The drama unfolding in Hype House reminds me of the TikTok sound slash Taylor Swift lyric: “I think I’ve seen this film before, and I didn’t like the ending.” Content houses like the Hype House have been popular since YouTube celebrities became a thing, and they aren’t a guaranteed path to fame and fortune. Perhaps the most well known, Jake Paul’s Team 10, was also once the darling of the social media scene and it launched several stars; Petrou himself was even briefly a member.
However, in the years since, the Team 10 house has been accused of being host to bullying and sexual assault, and Paul was accused of exploiting the members and taking their profits. The house was raided by the FBI in 2020 after Paul was investigated over the looting of an Arizona mall.
But perhaps most relevant to the members of Hype House is that many Team 10 members have vanished into obscurity. Many still work in the industry, like Nick Crompton, who was able to parlay his Team 10 experience into becoming vice president of commercial innovation and artist strategy at Universal Music Group, and Alissa Violet, who works as an Instagram influencer. But their clout is mostly gone, and they have been supplanted by newer, shinier objects — mainly, well, the kids of the Hype House.
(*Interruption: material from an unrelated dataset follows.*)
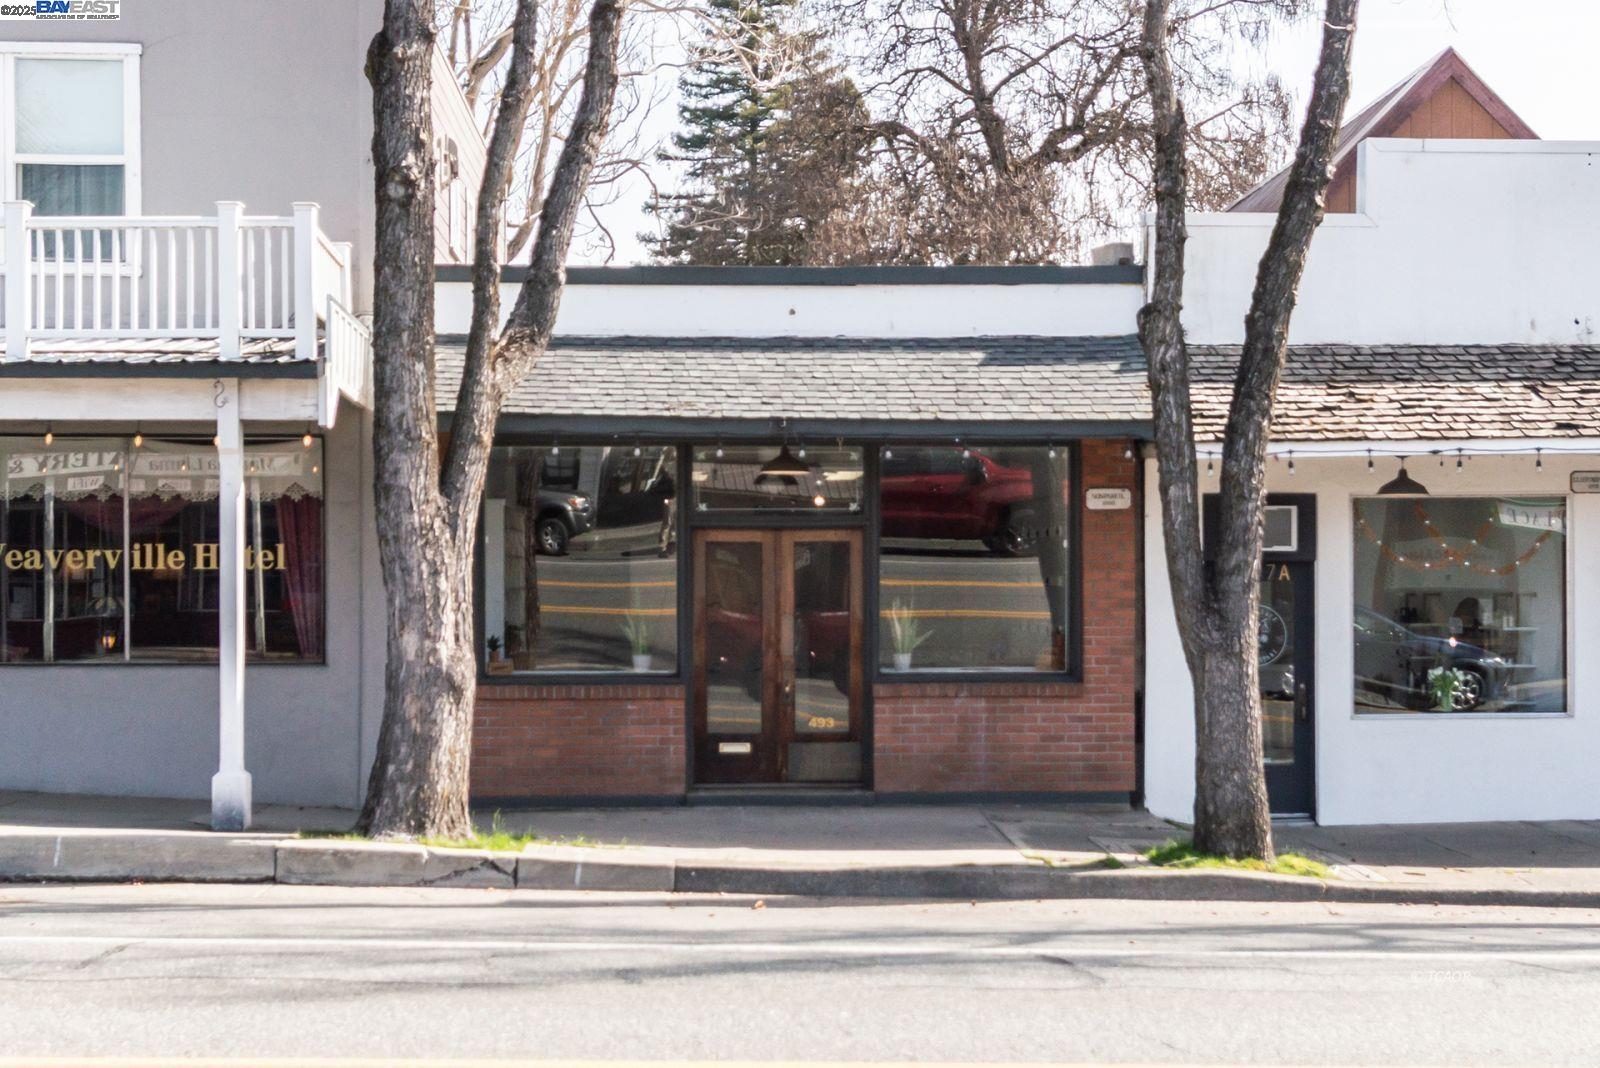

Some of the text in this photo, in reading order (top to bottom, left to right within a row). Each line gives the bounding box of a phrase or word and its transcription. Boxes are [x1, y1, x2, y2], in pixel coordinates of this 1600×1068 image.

At the end of the show, Petrou seems to be wrapping his mind around the fact that the Hype House may not be long for this world. “It just doesn’t work anymore; I think it’s just time to shut [the Hype House] down,” he says.
In the final episode, Petrou reveals many of the key members, including Annon and Warren, have moved out, although they are still in the collective. It still exists, but the dysfunction makes you think: Is the Hype House still here because of the Netflix show, and not the other way around?
If I was conspiratorially minded, I would say it’s like the show was made with the explicit purpose of convincing teenagers it sucks to be social media famous. “I feel like a kid who has all the toys in the world, but no batteries to operate them,” says Petrou in the last episode, head in his hands. Every single Hype House member seems miserable, and you just want to give them a hug, a nice place to sleep, and a 24-hour social media break.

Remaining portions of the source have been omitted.